We employ SHAP version 0.42.1 to interpret the optimal prediction model. The Kernel SHAP framework is implemented to conduct both global and local model interpretations. Feature importance ranking is determined by computing SHAP values, with features ordered according to their mean absolute SHAP values. This integration of ML with SHAP explanation methods establishes a robust theoretical foundation for predictive modeling by providing transparent, quantitative insights into model behavior.

Results

Clinical characteristics

This retrospective study enrolled 758 pediatric patients diagnosed with IgAV, with a mean age of 7.2 ± 2.5 years. The cohort comprised 441 males (58.2%) and was stratified into three clinical subgroups: 303 cases (40.0%) without GI manifestations, 231 cases (30.5%) presenting with abdominal pain, and 224 cases (29.6%) exhibiting rectal bleeding. The time interval from IgAV symptom onset to hospital admission for laboratory evaluation ranged from 0 to 7 days (mean: 2.7 days). Subsequent progression to GI bleeding occurred within 1–9 days post-admission (mean: 3.5 days). As detailed in Table 2, statistically significant intergroup differences (P < 0.05) were observed across multiple laboratory parameters, including hematological markers (WBC, GR, Hb, PLT), biochemical function markers (AST, ALB, LDH, LDHD), lipid profile (TC, APO), and inflammatory/coagulation markers (CRP, D-D).

Table 2

Table 2. Demographics of research population.

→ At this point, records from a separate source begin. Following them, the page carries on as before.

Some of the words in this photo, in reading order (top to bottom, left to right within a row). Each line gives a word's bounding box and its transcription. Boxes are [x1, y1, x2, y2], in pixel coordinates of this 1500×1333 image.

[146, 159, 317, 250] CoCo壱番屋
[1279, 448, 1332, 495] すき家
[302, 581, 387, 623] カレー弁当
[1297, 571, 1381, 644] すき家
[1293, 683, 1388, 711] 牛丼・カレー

Post-hoc pairwise comparisons were performed for all parameters demonstrating statistical significance. Table 3 further demonstrates statistically significant differences in the inter-group comparisons.

Table 3

Table 3. Post-hoc pairwise comparisons.

Given the variations in normal reference ranges for hematological markers across different age groups, we performed comparative analyses of WBC, GR, HB, and PLT among these demographic cohorts (Table 4).

Table 4

Table 4. Comparison of grouping hematological markers for different age groups.

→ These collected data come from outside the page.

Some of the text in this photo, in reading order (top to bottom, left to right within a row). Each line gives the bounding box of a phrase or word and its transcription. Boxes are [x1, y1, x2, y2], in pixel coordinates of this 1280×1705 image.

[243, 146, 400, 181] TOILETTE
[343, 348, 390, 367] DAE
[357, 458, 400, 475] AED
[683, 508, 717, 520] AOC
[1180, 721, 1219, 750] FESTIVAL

Machine learning model performance

Through comprehensive evaluation of 5 ML models across both training and validation sets, TabPFN-V2 demonstrated superior performance metrics. The model achieved consistently high scores in the validation set, with accuracy 0.88, sensitivity 0.88, recall 0.88, F1-score 0.87, and the Kappa coefficient 0.82, outperforming all other compared models. (Table 5).

Table 5

Table 5. Machine learning model performance.

The accuracy, sensitivity, recall, and F1-score of both training and validation sets from five machine learning models were evaluated across eight performance dimensions using the Friedman test. The analysis yielded statistically significant results (χ² = 26.624, P < 0.01). Subsequent Nemenyi post hoc testing revealed that the TabPFN-V2 model achieved the highest mean rank, with statistically significant differences (P < 0.05) observed between TabPFN, CatBoost, and LightGBM (Figure 2).

Figure 2

Bar graph comparing model performance rankings with a critical difference of 2.728. Models ranked: TabPFN at 1.00, XGBoost at 2.00, Random Forest at 3.62, CatBoost at 3.75, and LightGBM at 4.62. Red line indicates ranking differences.

Figure 2. Average ranking of model performance.

Area under the multi-class ROC curve

The TabPFN model demonstrated exceptional discriminatory performance, with both macro-average and micro-average ROC-AUC scores reaching 0.98. When evaluated using a OvR strategy across clinical subgroups, the model maintained consistently high AUC values: 0.97 for asymptomatic cases, 0.96 for the abdominal pain subgroup, and 0.99 for the bleeding subgroup. These outstanding metrics strongly suggest that our selected features serve as robust predictors for GI complications in pediatric IgAV cases. The TabPFN model therefore represents an optimal choice for classification modeling with this dataset (Figure 3).

Figure 3

ROC curve graph depicting the performance of a multi-class classifier. The true positive rate is plotted against the false positive rate. Included curves are micro-average and macro-average ROC with areas under the curve (AUC) of 0.98 each, and TabPFN for classes zero to two with AUCs of 0.97, 0.96, and 0.99 respectively.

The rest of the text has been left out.